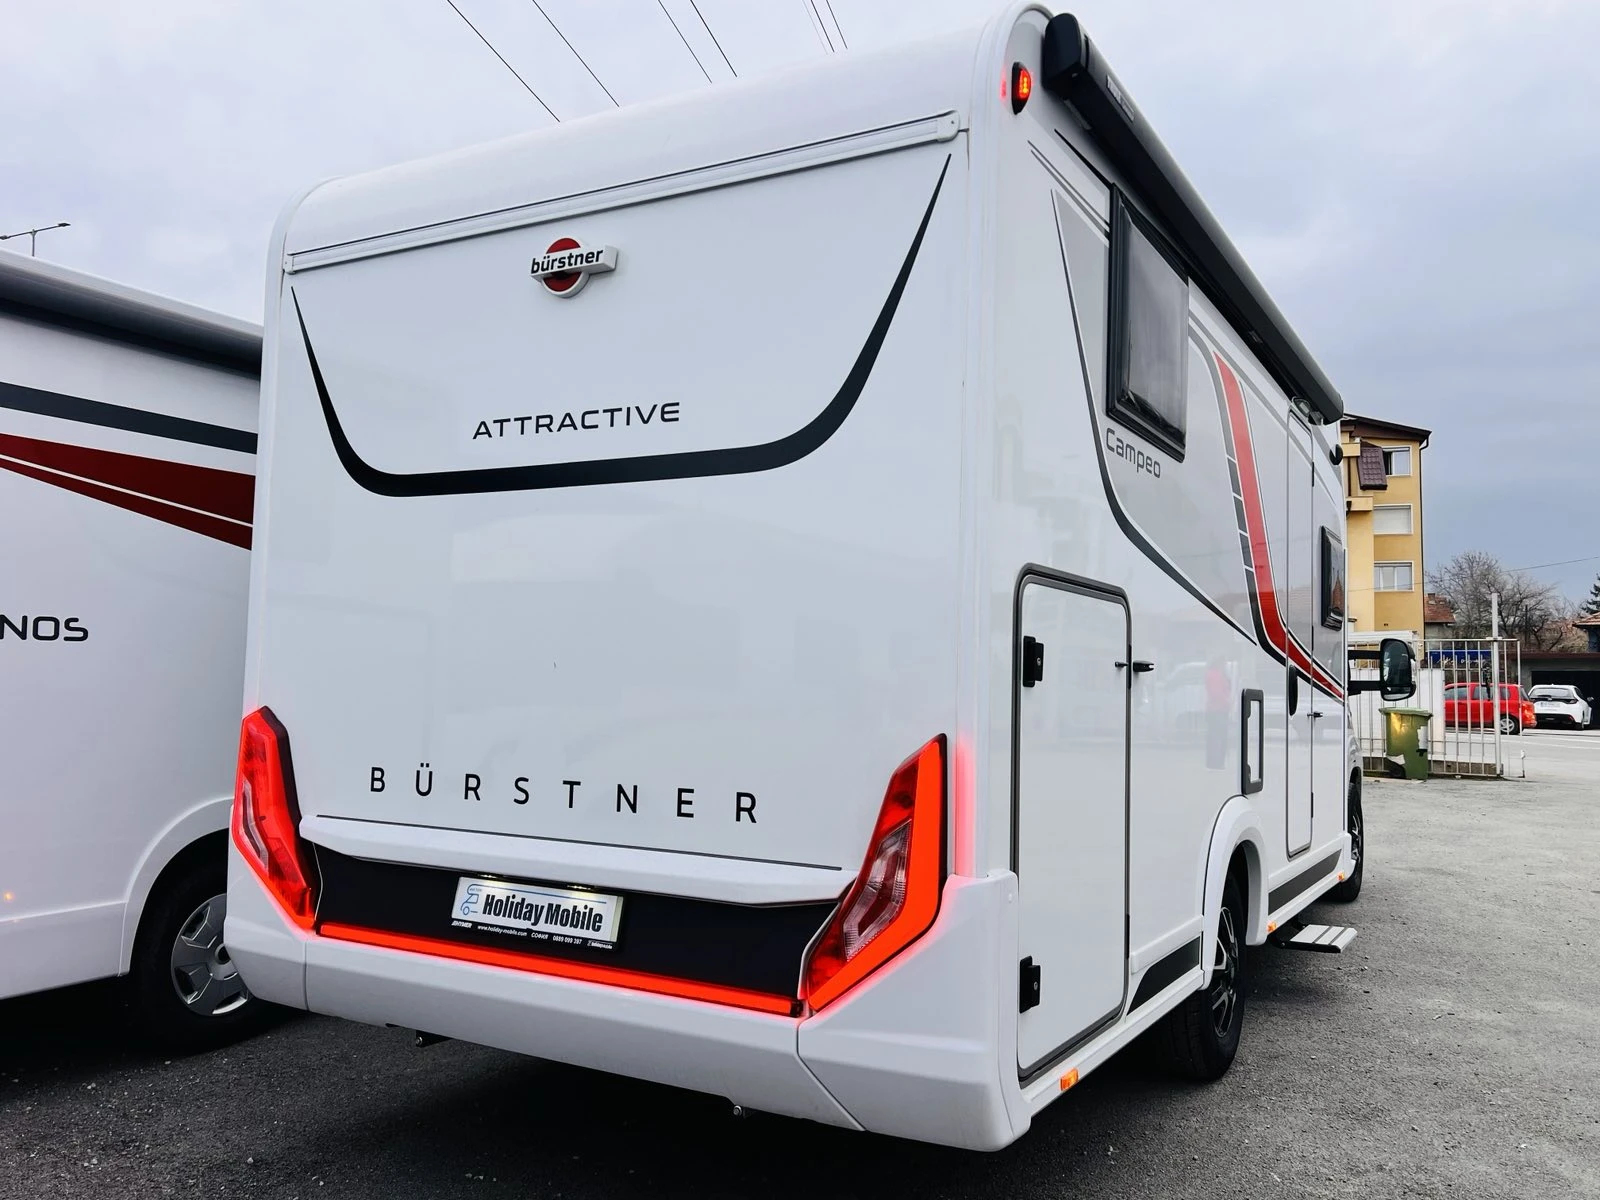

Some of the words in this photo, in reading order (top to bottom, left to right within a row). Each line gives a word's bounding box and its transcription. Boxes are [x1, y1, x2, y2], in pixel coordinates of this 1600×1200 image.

[530, 249, 604, 275] bürstner
[472, 401, 681, 441] ATTRACTIVE
[1106, 427, 1162, 479] Campeo
[0, 614, 89, 642] NOS
[370, 761, 758, 825] BÜRSTNER
[482, 893, 545, 927] Holiday
[544, 902, 604, 933] Mobile
========
When copying the listing, skip the pictures and keep each line exactly as written.

> **Solved problem**:
Some of the words in this photo, in reading order (top to bottom, left to right within a row). Each line gives a word's bounding box and its transcription. Boxes are [x1, y1, x2, y2], in pixel coordinates of this 1600×1200 image.

[530, 249, 604, 275] bürstner
[472, 401, 681, 441] ATTRACTIVE
[1106, 427, 1162, 479] Campeo
[0, 614, 89, 642] NOS
[370, 761, 758, 825] BÜRSTNER
[482, 893, 545, 927] Holiday
[544, 902, 604, 933] Mobile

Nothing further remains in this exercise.